Stockyards Theatre Project


Chicago IL


History of the Company

In 1999, Stockyards Theatre Project presented its first theatrical piece, Windy Big-Headed City at Breadline Theatre. It was followed by A Chicca Looks at 25: A Memoir for the Stage at The Playground. Both plays were written by Stockyards’ Founder and first Artistic Director Jill Elaine Hughes.

In 2000, Stockyards created a festival of short plays by women playwrights entitled Femme Fatalities: Four One Act Plays By Women, mounted at The Performance Loft. That summer, Stockyards Theatre Project presented the world premiere of Don’t Promise by award-winning Latina playwright Silvia Gonzalez S. The play, produced at Breadline Theatre, addressed a number of women’s issues – most notably the position of women and religion in patriarchal society. “Stockyards Theatre Project’s newest show, Don’t Promise, is a glowing example of Stockyards’ commitment to bringing more interesting productions to the city of Chicago.” (ChicagoActors.com). This year also saw Stockyards producing its first annual Women’s Performance Art Festival, which the Chicago Sun-Times praised as “…the purist woman’s performance event in Chicago.”

The next year, 2001, was fruitful, yielding yet another world premiere in Damn the Torpedoes!!, an absurdist satire of capitalist media culture written by Ms. Hughes and mounted at the Heartland Studio Theatre. On May 6 at Katerina’s coffeehouse, Stockyards presented a staged reading of British playwright Alex Court’s Anarkali at Jallozai, a work-in-progress that focused on the plight of women under the Afghan Taliban. Later that year, Histrionics: Four Plays by Women on Psychology, Sex and General Madness was performed at the Heartland Studio Theater. This play examined the world of therapy, HMOs, mental institutions and holistic healing. Kim Wilson of the Chicago Reader wrote, “This production…is well-crafted and enjoyable.” That fall, Stockyards also presented the 2nd Annual Women’s Performance Art Festival.

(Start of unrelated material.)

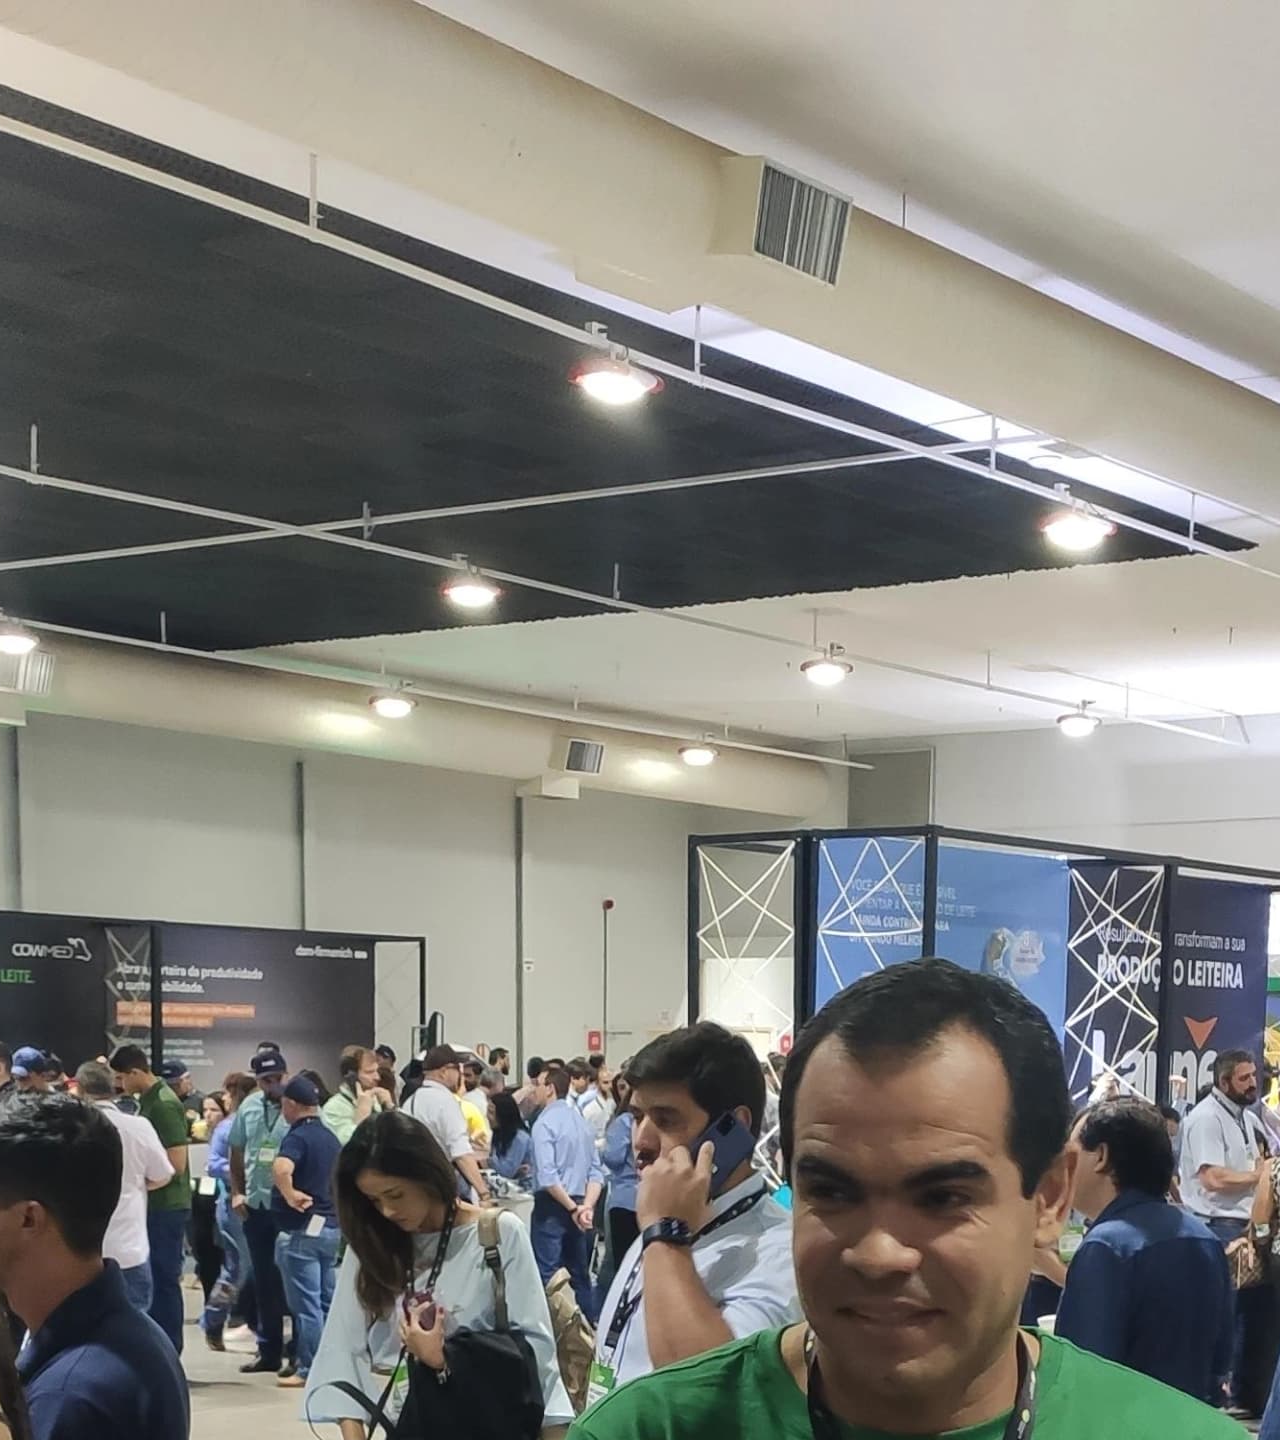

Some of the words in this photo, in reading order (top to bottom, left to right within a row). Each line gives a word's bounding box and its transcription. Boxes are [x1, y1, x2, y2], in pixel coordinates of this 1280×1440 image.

[1175, 931, 1223, 951] ransformam
[1097, 954, 1184, 992] PRODUÇO
[1187, 959, 1244, 989] LEITEIRA

In 2002, Stockyards Theatre Project began its trend of telling stories of historical women by producing The Rape of Nanking…According to Minnie by Margaret G. Waterstreet, presented at the Chicago Cultural Center Studio Theatre. In the Chicago Tribune, Lucia Mauro wrote, “What emerged was a great tale of courage and crushing futility.” In the spring of 2002, Running From The Red Girl by Linda Eisenstein (one of our pieces from the Histrionics production in 2001) was a part of the Bailiwick’s All Girl Revue 3. Following the success of the first two festivals, Stockyards continued with its 3rd Women’s Performance Art Festival. In December of 2002, Lunacy opened in the Athenaeum First Floor Studio. Written by Patricia Weaver-Francisco, Lunacy tells the story of thirteen American women pilots who were initially part of the first U.S. space program. The women successfully completed the preliminary physical and psychological testing given the Mercury astronauts, but their participation in the program was abruptly cancelled and those women faded from public view.

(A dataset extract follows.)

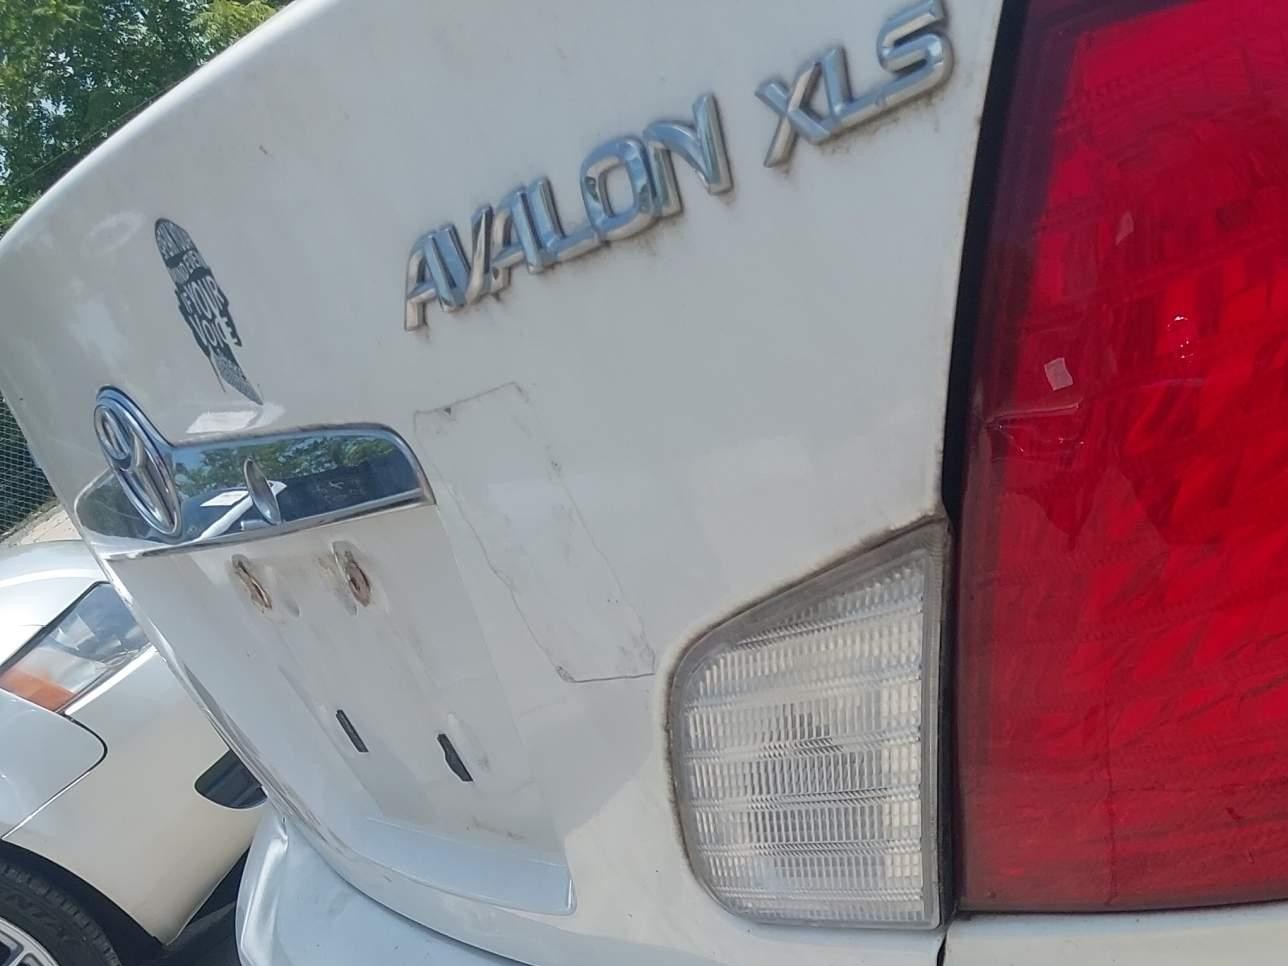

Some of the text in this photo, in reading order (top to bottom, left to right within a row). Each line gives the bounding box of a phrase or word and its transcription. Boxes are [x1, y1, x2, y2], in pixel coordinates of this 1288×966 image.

[404, 0, 954, 331] AVALON XLS
[183, 275, 225, 320] YOUR
[188, 313, 238, 348] VOICE

On March 3, 2003, Stockyards Theatre Project was one of the many theater companies participating in The Lysistrata Project with their performance at Stage Left. The success of the reading led to the Pro-Peace Series, a number of staged readings focusing on pro-peace writing; a representative from Not In Our Name facilitated a discussion at the end of each reading. Katie Carey Govier and Jill Elaine Hughes also represented Stockyards at 2003’s Theatre Fever at the Chicago Cultural Center. During the summer, Katie Carey Govier was named Artistic Director and Francesca Peppiatt was named Managing Director of Stockyards. Ms. Govier arranged a collaboration with the Women’s Theatre Alliance of Chicago for the Salon Series, a bi-monthly event that promotes women’s leadership in the Chicago theatre community and provides a unique network for theatre artists to share in their artistic diversity. In October, Stockyards presented Breaking the Cycle: 4th Annual Women’s Performance Art Festival. Stockyards then joined with Velocity, a youth-centered arts organization, for the On-Camera Audition Workshop that November.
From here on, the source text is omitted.